**Action item**. The answer should be a faithful retyping of the records that follow, pictures excluded.

[Data supplied Boundary: Start]

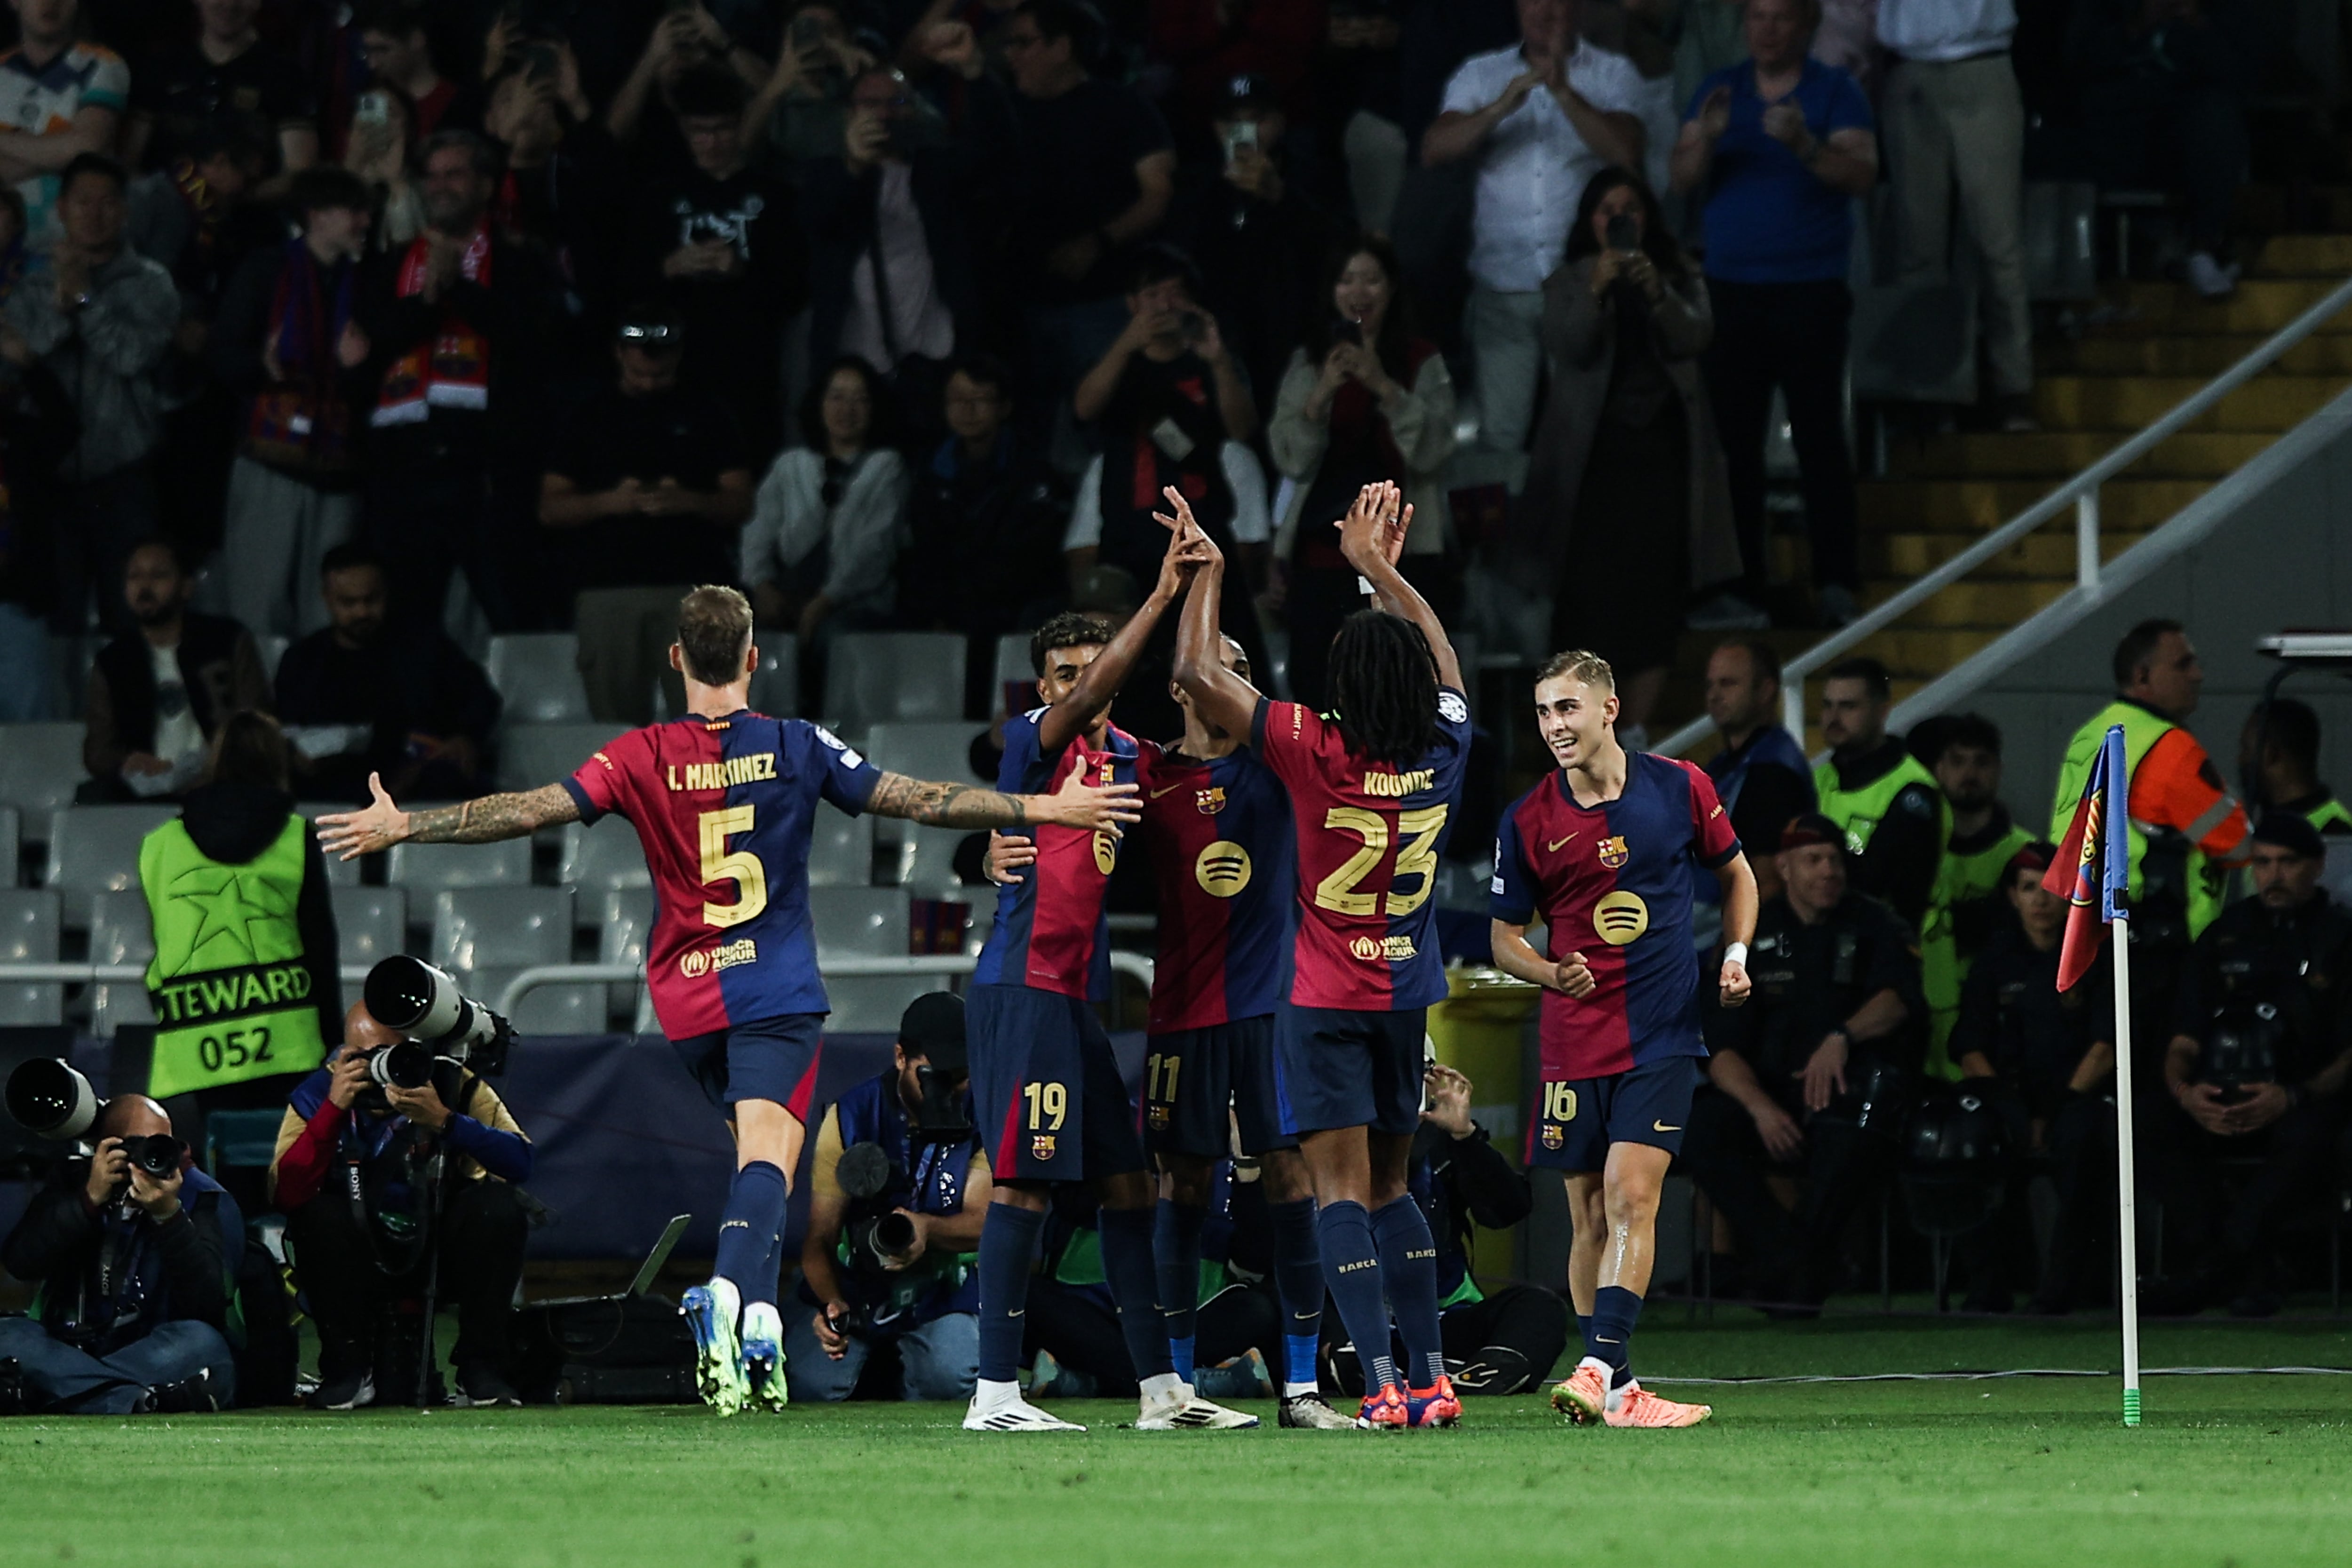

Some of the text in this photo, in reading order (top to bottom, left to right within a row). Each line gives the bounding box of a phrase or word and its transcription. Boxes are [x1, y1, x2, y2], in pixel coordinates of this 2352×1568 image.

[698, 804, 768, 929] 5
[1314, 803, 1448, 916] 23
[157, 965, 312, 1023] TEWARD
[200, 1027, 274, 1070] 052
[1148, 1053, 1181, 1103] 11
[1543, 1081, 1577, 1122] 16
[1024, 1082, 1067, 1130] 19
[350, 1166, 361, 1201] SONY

[Data supplied Boundary: End]

**Written solution**.
Some of the text in this photo, in reading order (top to bottom, left to right within a row). Each line gives the bounding box of a phrase or word and its transcription. Boxes are [x1, y1, x2, y2], in pixel coordinates of this 2352×1568 image.

[698, 804, 768, 929] 5
[1314, 803, 1448, 916] 23
[157, 965, 312, 1023] TEWARD
[200, 1027, 274, 1070] 052
[1148, 1053, 1181, 1103] 11
[1543, 1081, 1577, 1122] 16
[1024, 1082, 1067, 1130] 19
[350, 1166, 361, 1201] SONY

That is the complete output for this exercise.